Castillo llegó con la misión de desactivar a las autodefensas y devolver el poder al Estado. Lo que hizo, sin embargo, fue otra cosa. En lugar de restablecer el Estado de derecho, optó por dialogar, pactar y hasta legitimar a actores criminales. Creó la Fuerza Rural, una policía integrada, en buena parte, por antiguos criminales o líderes de autodefensas con relaciones turbias. Uniformó a hombres que hasta hacía poco habían empuñado armas contra cárteles enemigos. El Estado, que debería representar la ley, se convirtió en el empleador oficial de quienes habían vivido al margen de ella.

En el corazón de su estrategia estuvo María Imilse Arrué Hernández, conocida como “La Cubana”. Psicóloga y sexóloga, sin experiencia en conflictos armados ni en crimen organizado, fue quien, bajo el mando de Castillo, seleccionó a los aspirantes a la Fuerza Rural. Las denuncias la acusan de haber abierto las puertas de las instituciones de seguridad a personas vinculadas con grupos criminales. Mientras en eventos públicos hablaba de comunidad y reconciliación, en los caminos de Tierra Caliente se incubaba una nueva tragedia: el crimen organizado vestido con uniforme oficial.

Castillo presumía traer justicia transicional. Pero justicia transicional no es improvisar uniformes ni inventar policías. Es un proceso profundo que exige verdad, justicia, reparación y garantías de no repetición. En Colombia, la justicia transicional fue el camino porque existía un conflicto político-ideológico de décadas. Las FARC tenían objetivos políticos, buscaban reformas agrarias, acceso político, justicia social. No eran únicamente narcotraficantes. En Michoacán, en cambio, los cárteles son empresas criminales, sin ideología, dedicadas a traficar drogas, armas, personas y miedo. Pretender aplicar el modelo colombiano fue ignorar que aquí no había guerrilla, sino mercado negro.

Dialogar con criminales es una tentación constante en escenarios de violencia. Pero sentarse a negociar sin reglas claras es siempre el principio de la impunidad. Castillo, en los hechos, concedió legitimidad a estructuras criminales, reconociéndolas como interlocutores válidos. El mensaje fue devastador: si portas un arma y controlas territorio, puedes negociar tu futuro con el gobierno. Es la institucionalización del chantaje armado. Y, como siempre ocurre, quienes se sintieron traicionados fueron las víctimas.

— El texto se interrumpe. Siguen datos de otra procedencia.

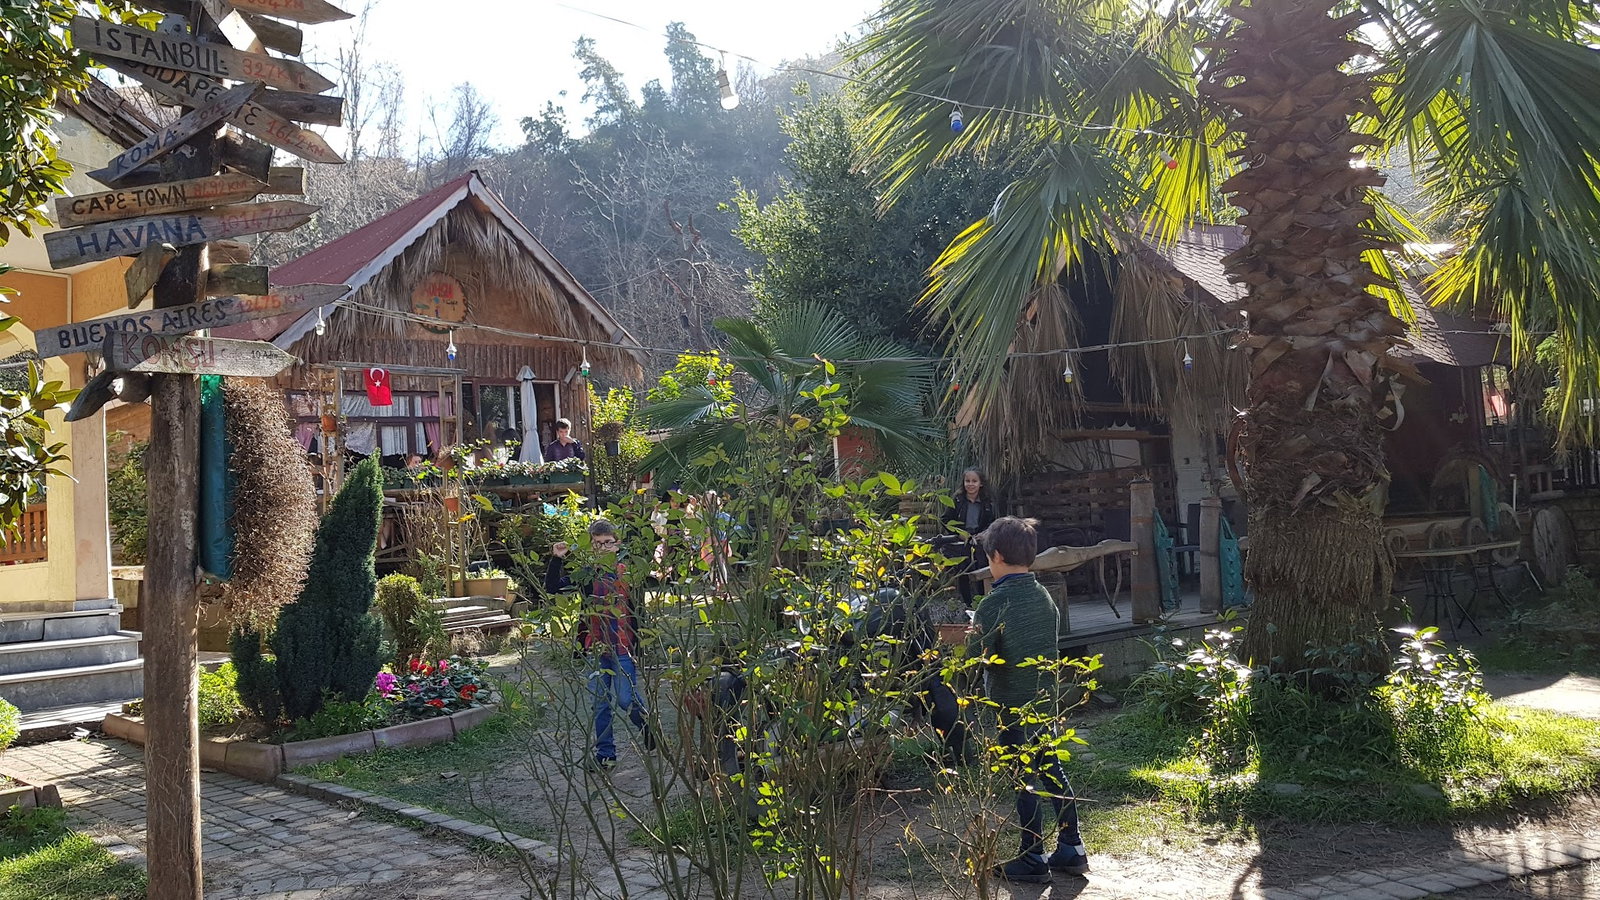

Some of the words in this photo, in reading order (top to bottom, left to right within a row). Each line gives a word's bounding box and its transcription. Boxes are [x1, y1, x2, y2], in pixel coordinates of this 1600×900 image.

Hoy sabemos que muchos integrantes de la Fuerza Rural volvieron a sus antiguas lealtades o fundaron nuevas células criminales. Los cárteles nunca se fueron; se camuflaron. Basta mirar lo que ocurre en Tepalcatepec. Imilse Arrué —la misma asesora de Castillo— terminó herida en el atentado donde mataron a la alcaldesa Martha Laura Mendoza. Es la prueba viva de que el crimen sigue entrelazado con la política local.

Mientras tanto, el Virrey, después de haber sido inhabilitado por las autoridades en materia de fiscalización por sus manejos turbios, bajó su perfil y se fue a Estados Unidos a vivir. Recién se está reinventando como articulista de deportes, reseñando torneos de tenis, con tal de retomar su presencia pública.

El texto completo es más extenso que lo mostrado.